▶ [What this task involves]:
Any picture among the records should be left out, please; retype the rest exactly.

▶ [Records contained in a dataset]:
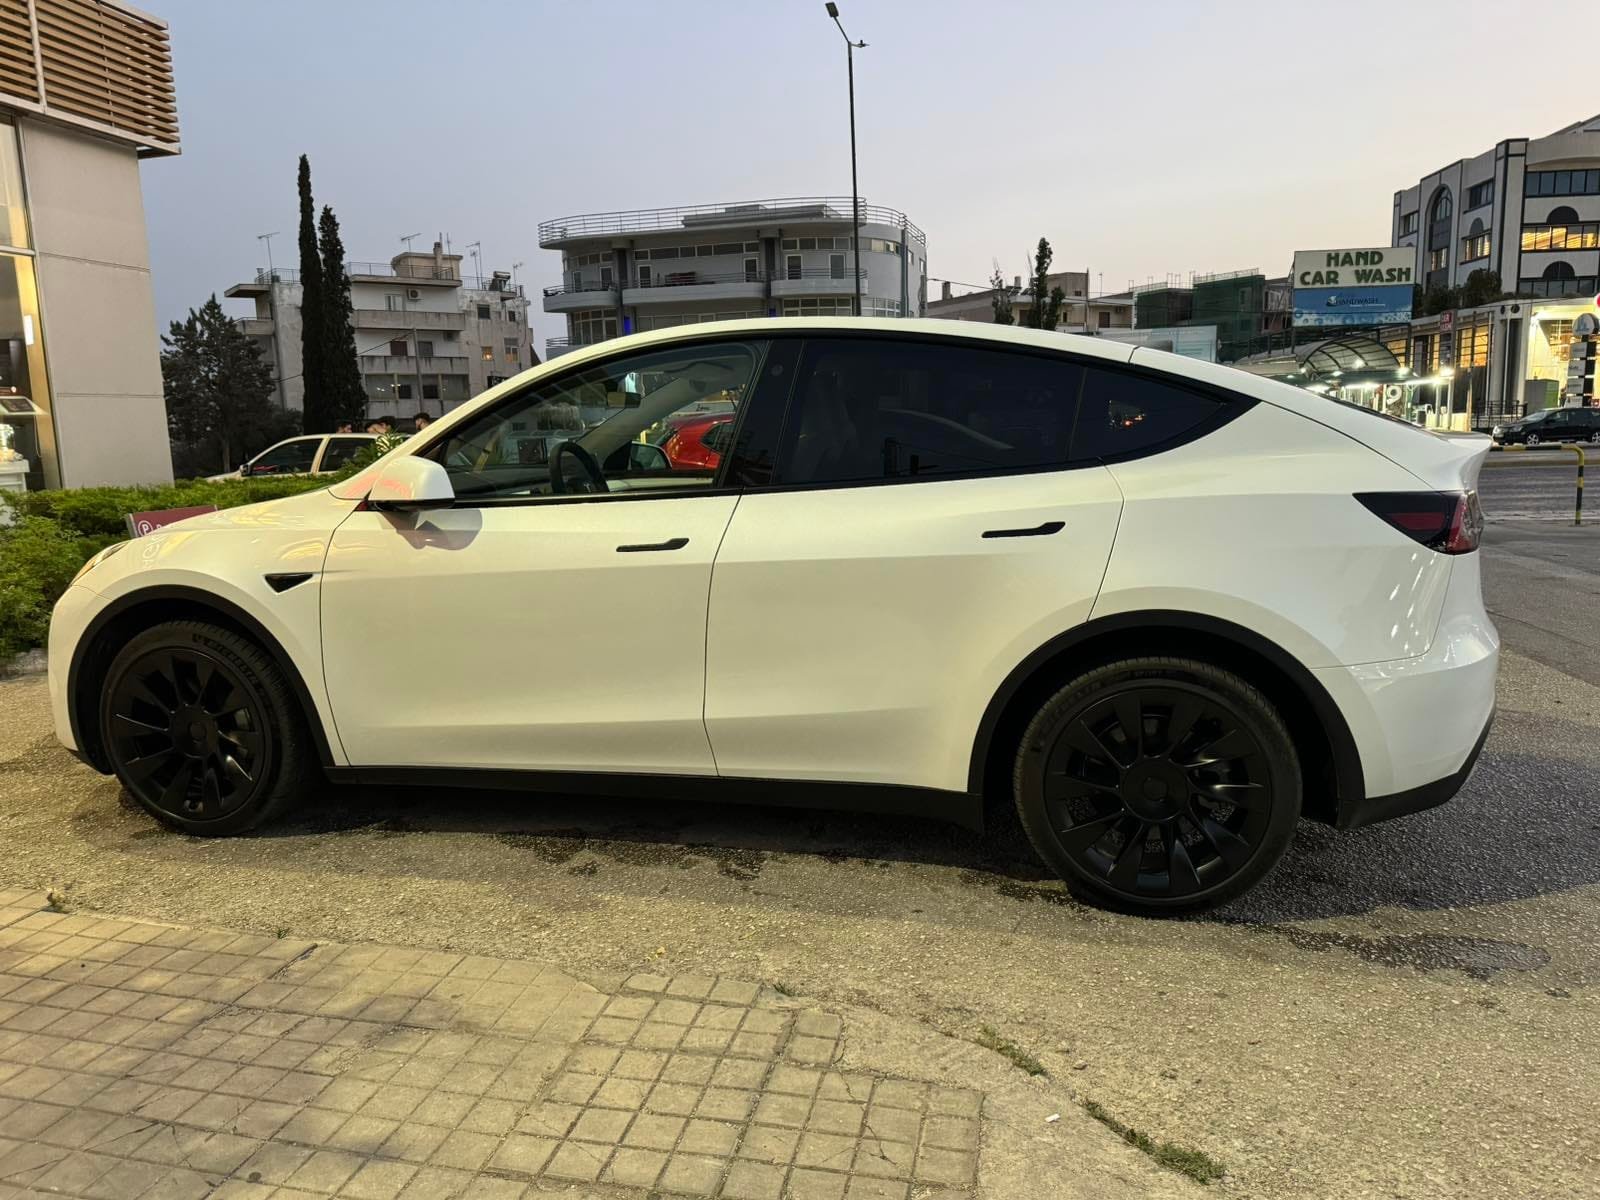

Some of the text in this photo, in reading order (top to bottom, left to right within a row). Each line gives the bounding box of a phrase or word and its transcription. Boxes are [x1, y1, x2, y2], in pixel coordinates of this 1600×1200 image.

[1326, 251, 1384, 267] HAND
[1300, 267, 1411, 285] CAR WASH
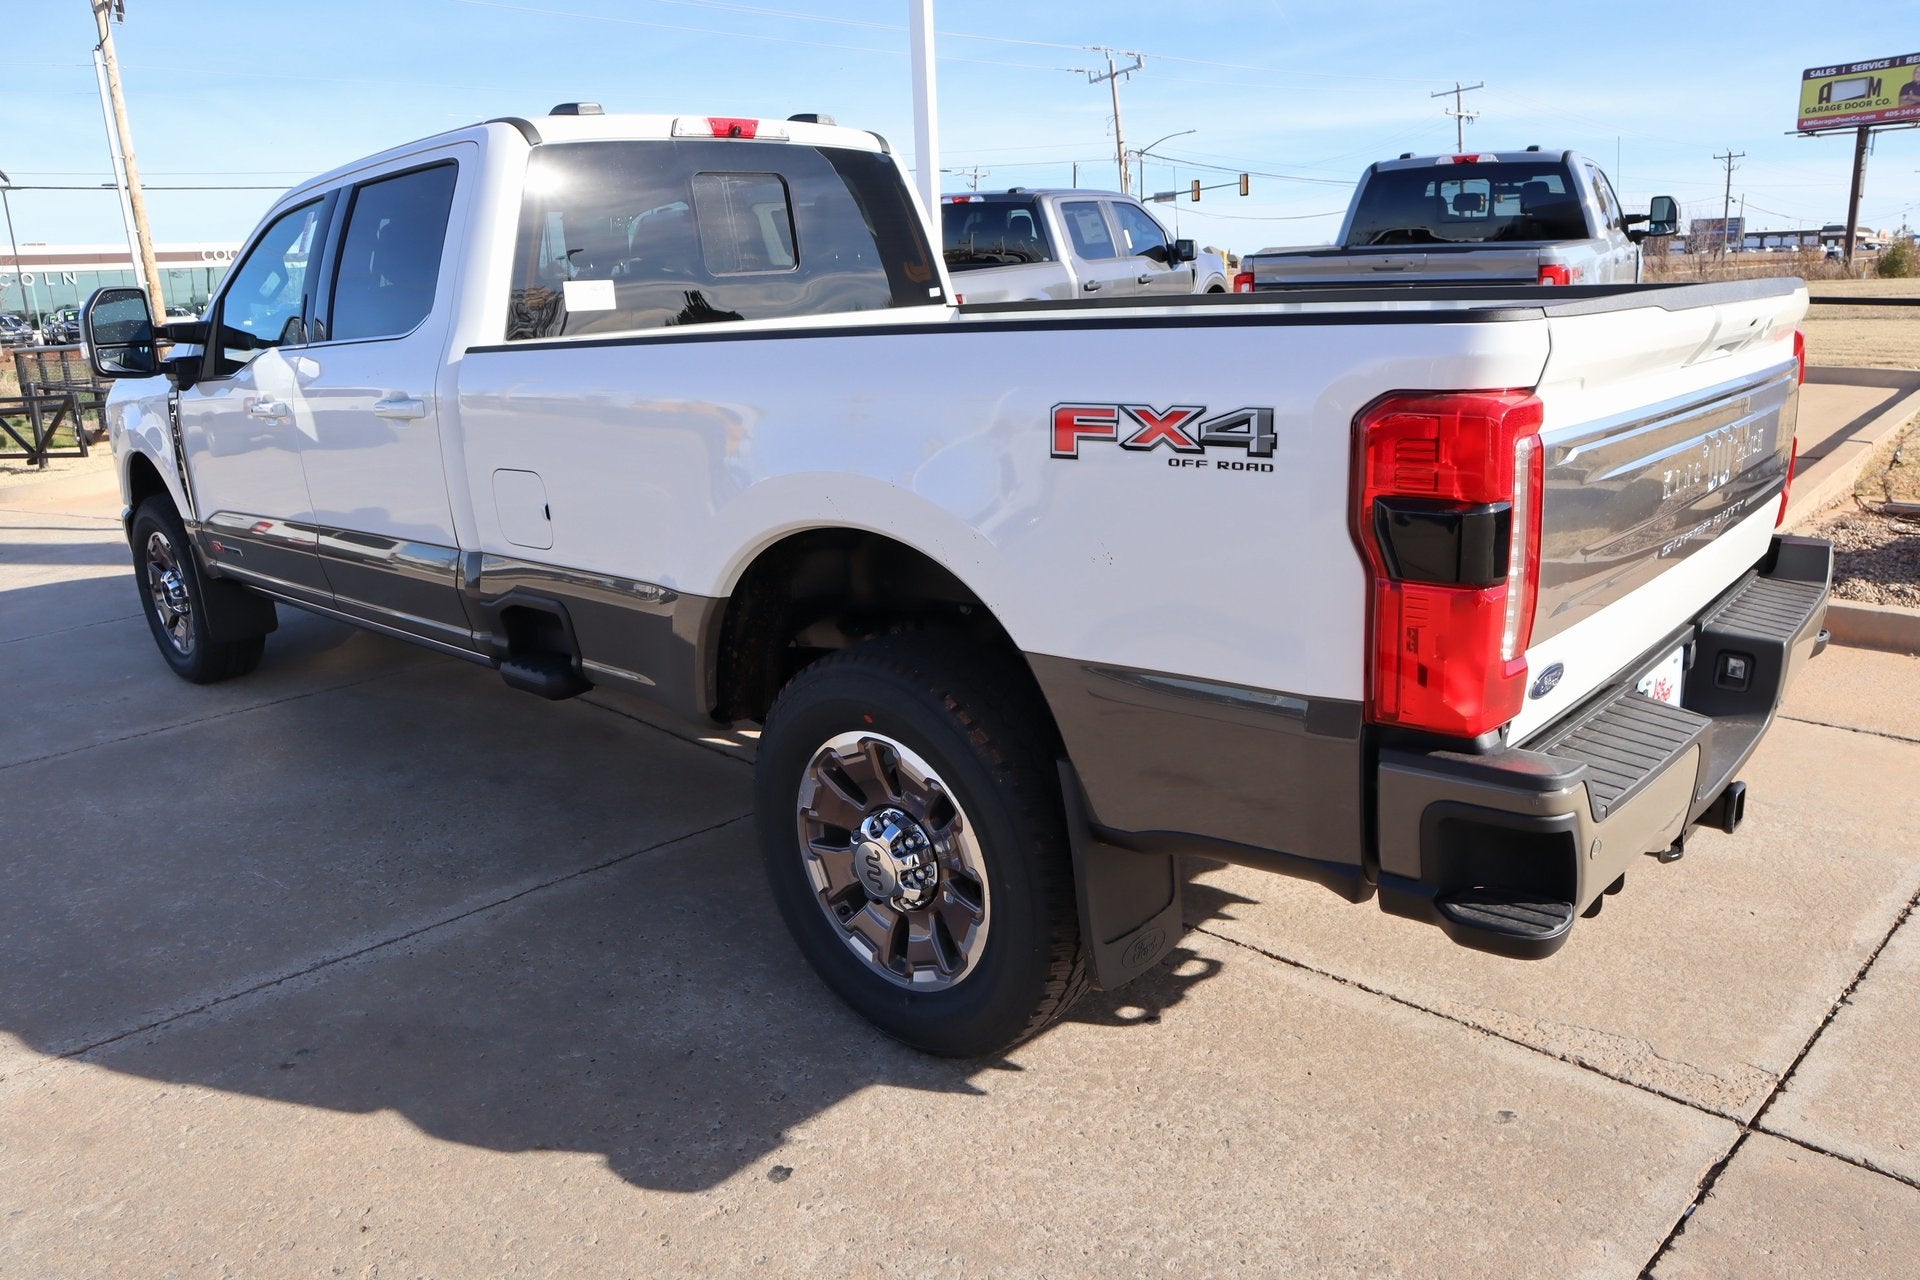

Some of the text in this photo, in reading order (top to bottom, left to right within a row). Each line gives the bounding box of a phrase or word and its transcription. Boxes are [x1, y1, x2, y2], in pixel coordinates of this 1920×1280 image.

[1810, 68, 1837, 78] SALES
[1851, 60, 1890, 72] SERVICE
[1805, 103, 1842, 114] GARAGE
[1844, 100, 1872, 110] DOOR
[1051, 402, 1277, 459] FX4
[1168, 458, 1274, 473] OFF ROAD
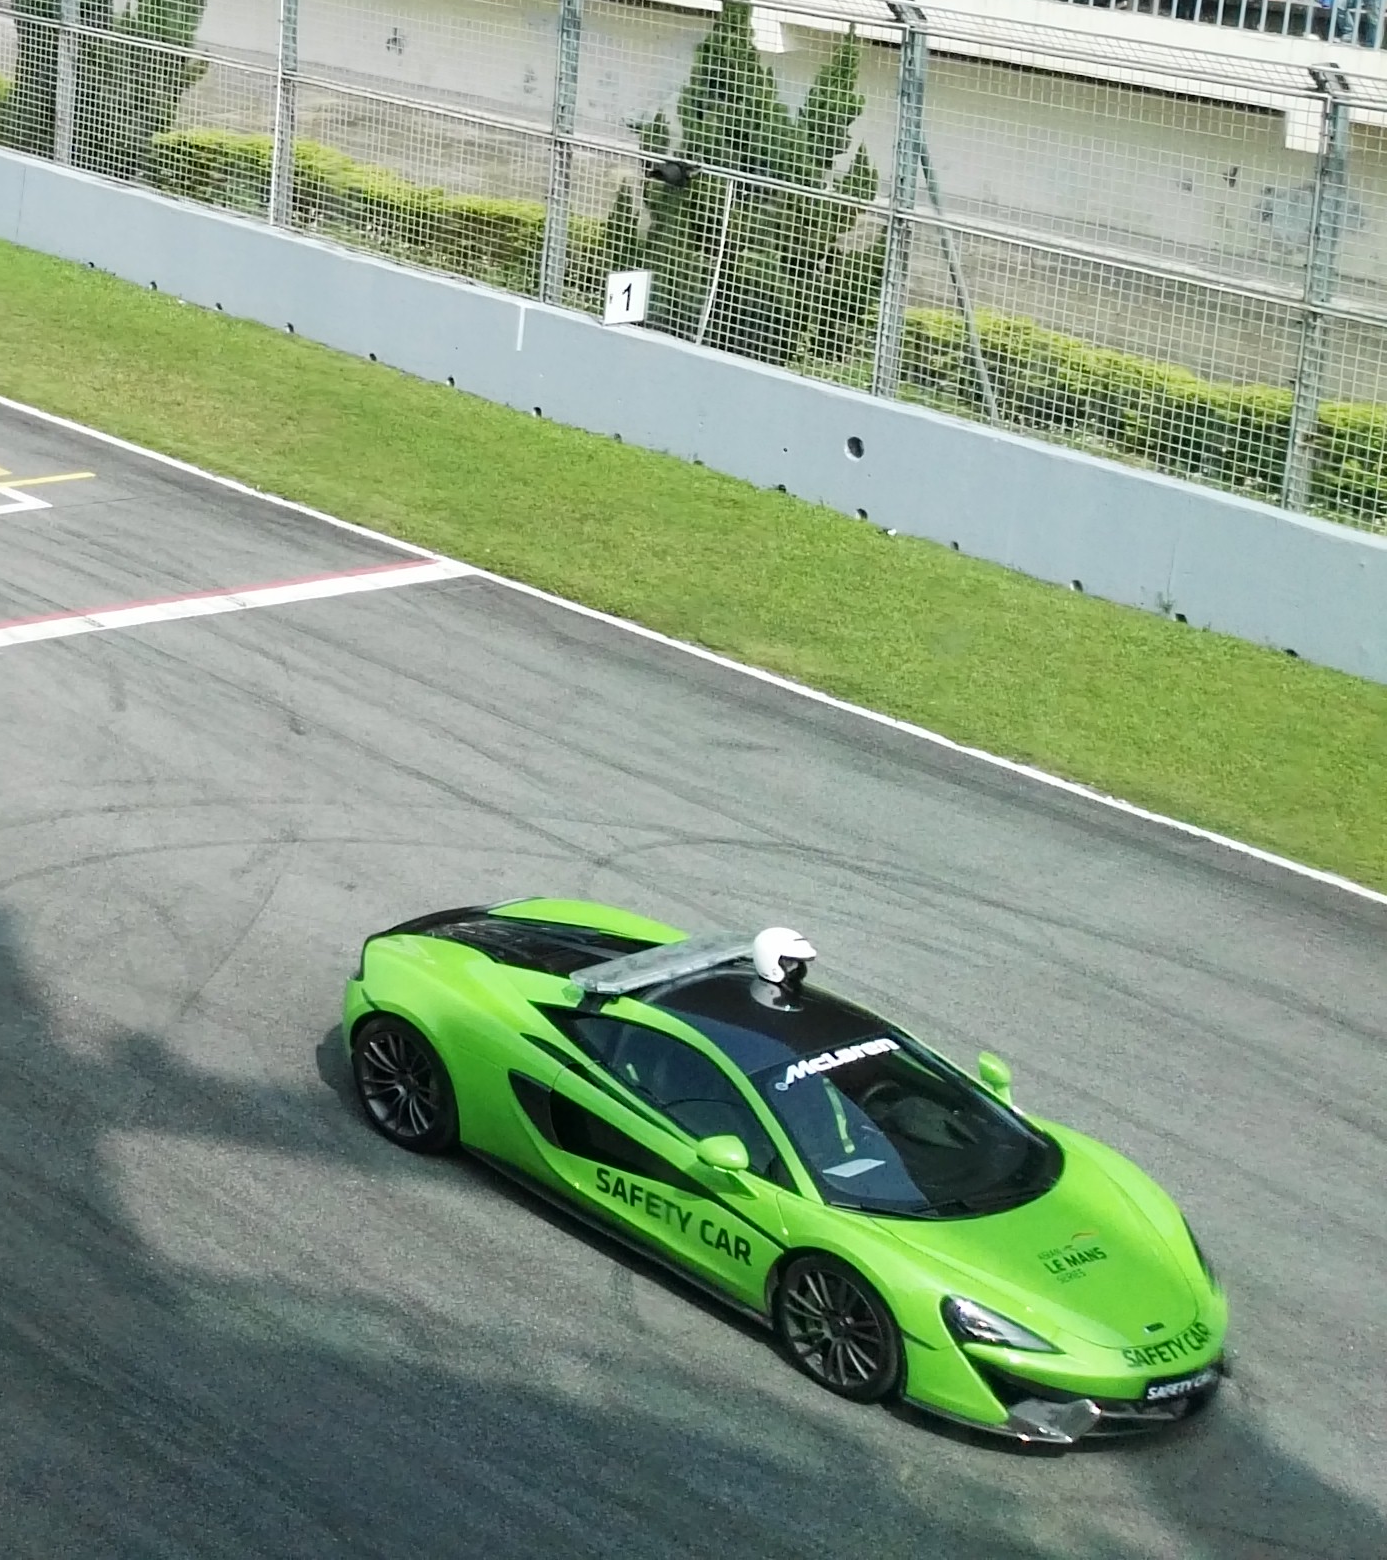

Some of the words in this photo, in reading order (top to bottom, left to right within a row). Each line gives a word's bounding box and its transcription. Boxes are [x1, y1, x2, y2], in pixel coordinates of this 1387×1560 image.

[622, 283, 632, 311] 1
[785, 1038, 900, 1085] McLaren
[596, 1167, 693, 1233] SAFETY
[699, 1219, 752, 1267] CAR
[1043, 1258, 1064, 1275] LE
[1064, 1246, 1107, 1268] MANS
[1122, 1338, 1188, 1368] SAFETY
[1183, 1321, 1213, 1351] CAR

▶ [The completed task]:
Some of the text in this photo, in reading order (top to bottom, left to right within a row). Each line gives the bounding box of a phrase or word and its transcription. Boxes are [x1, y1, x2, y2], in pixel coordinates of this 1600×1200 image.

[1326, 251, 1384, 267] HAND
[1300, 267, 1411, 285] CAR WASH

Some of the text in this photo, in reading order (top to bottom, left to right within a row). Each line gives the bounding box of a phrase or word and its transcription. Boxes are [x1, y1, x2, y2], in pixel coordinates of this 1920×1280 image.

[1810, 68, 1837, 78] SALES
[1851, 60, 1890, 72] SERVICE
[1805, 103, 1842, 114] GARAGE
[1844, 100, 1872, 110] DOOR
[1051, 402, 1277, 459] FX4
[1168, 458, 1274, 473] OFF ROAD

Some of the words in this photo, in reading order (top to bottom, left to right within a row). Each line gives a word's bounding box and its transcription. Boxes are [x1, y1, x2, y2], in pixel coordinates of this 1387×1560 image.

[622, 283, 632, 311] 1
[785, 1038, 900, 1085] McLaren
[596, 1167, 693, 1233] SAFETY
[699, 1219, 752, 1267] CAR
[1043, 1258, 1064, 1275] LE
[1064, 1246, 1107, 1268] MANS
[1122, 1338, 1188, 1368] SAFETY
[1183, 1321, 1213, 1351] CAR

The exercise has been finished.